Da tempo Marte e altrə attivistə sul territorio, si occupano di aiutare chi deve abortire, fornendo sia supporto logistico, sia psicologico. "Il primo contatto è in genere tramite i social: scrivono a me, oppure a Laiga194, o alla mail di Pro – choice. Chiediamo a quante settimane si è, e se si è fatto qualche esame. Capiamo la provincia e ci mettiamo in contatto con la ginecologa disponibile, con la quale la ragazza può fare un colloquio online nel giro di poco. Viene generato un certificato telematico, e forniamo una mappatura delle strutture alle quali ci si può rivolgere, completa dei vari feedback di chi c'è già stata. C'è poi tutta una parte in cui chiediamo se si hanno necessità, dubbi e domande, e diamo la documentazione sui vari metodi, chirurgico e farmacologico, per avere il consenso informato. Se la ragazza lo richiede, viene accompagnata fisicamente in ospedale, con un'attivista che la aspetta in sala d'attesa, pronta a intervenire nel caso vi siano problemi. È successo ad esempio qualche mese fa che una ragazza sia stata messa in stanza con delle partorienti: lei lo ha fatto presente all'attivista, che è andata a parlare con gli operatori per cercare di risolvere la questione e far valere i suoi diritti. Quando la persona viene poi accompagnata a casa, chiediamo un feedback sulla struttura, cosa che ci permette di capire cosa non va nel sistema sanitario".

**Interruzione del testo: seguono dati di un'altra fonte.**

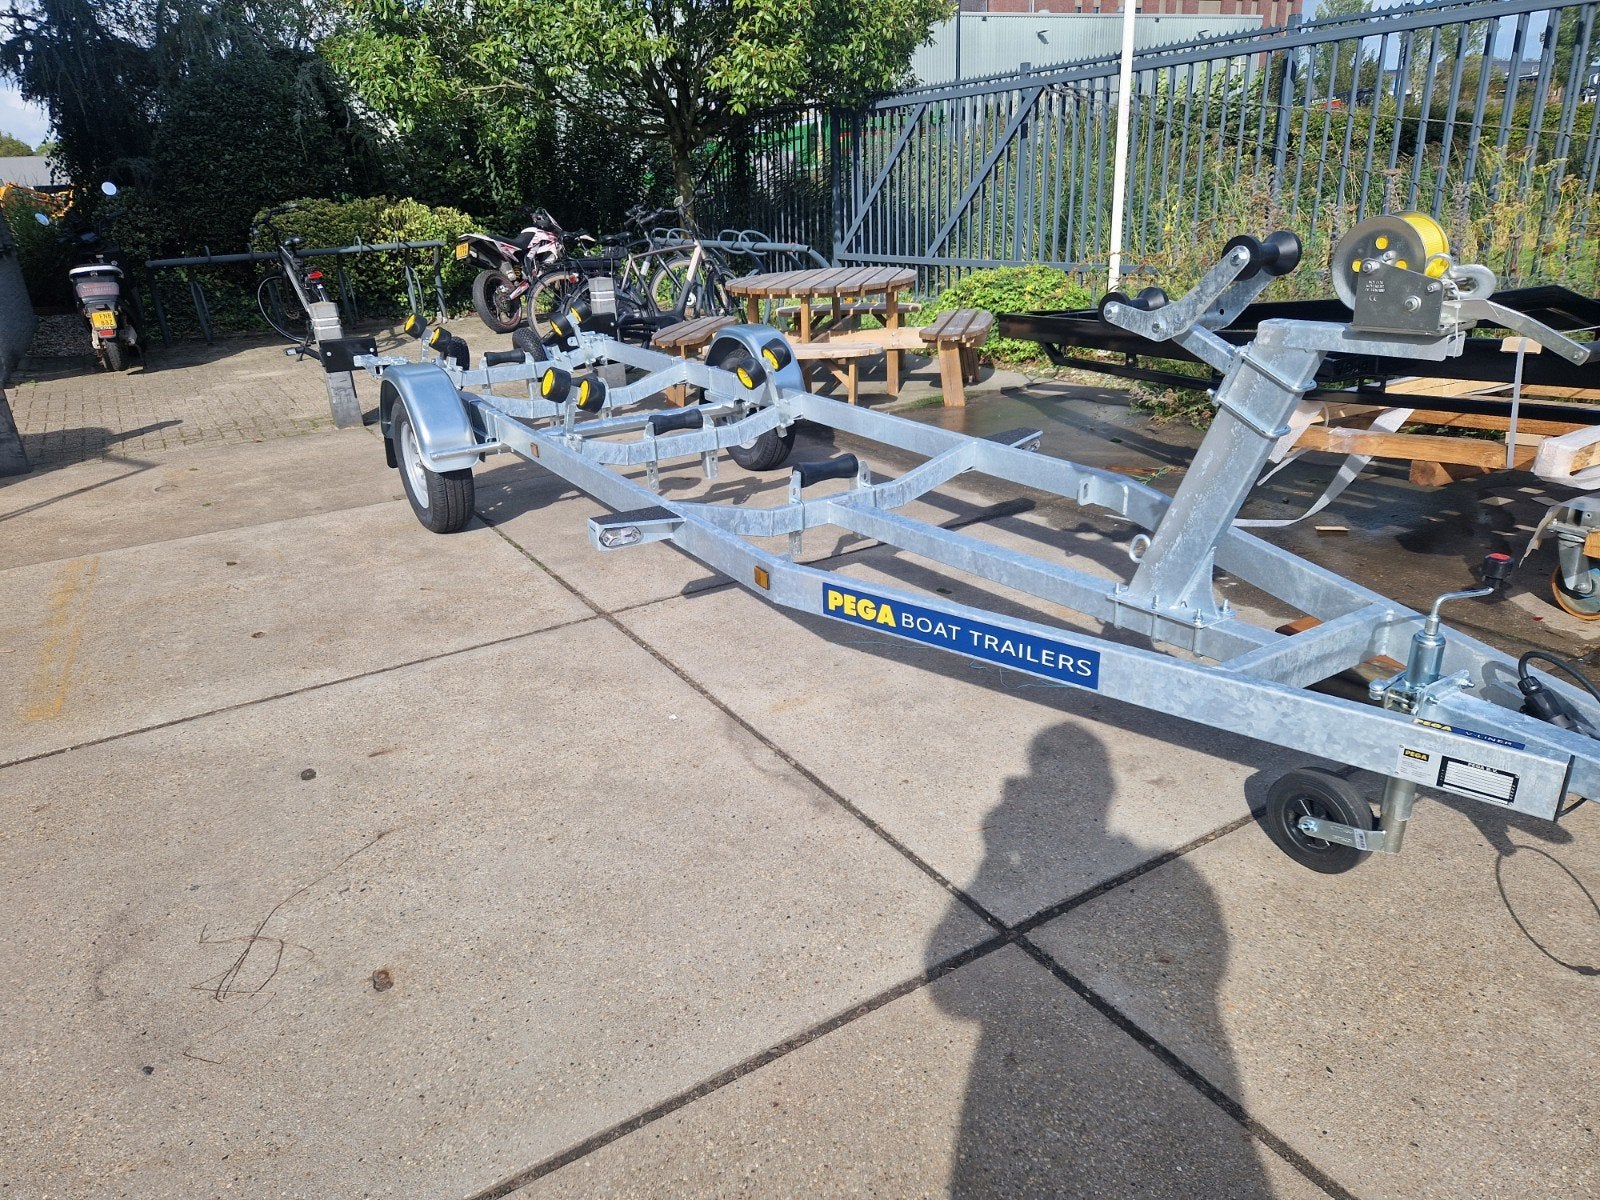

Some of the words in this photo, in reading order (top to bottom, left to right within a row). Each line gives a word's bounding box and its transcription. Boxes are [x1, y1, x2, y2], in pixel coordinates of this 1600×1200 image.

Da tempo nelle Marche le attiviste pro choice hanno chiesto di innalzare a nove le settimane in cui poter procedere con l'aborto farmacologico. Per adesso però, non c'è stato un avanzamento da questo punto di vista. "Noi ovviamente continueremo a lottare affinché le cose cambino, in modo che non venga messa in discussione l'autodeterminazione delle persone che scelgono di non portare avanti una gravidanza – conclude Manca – Abortire non deve essere uno stigma o un percorso a ostacoli, ma una libera scelta che non va messa in discussione".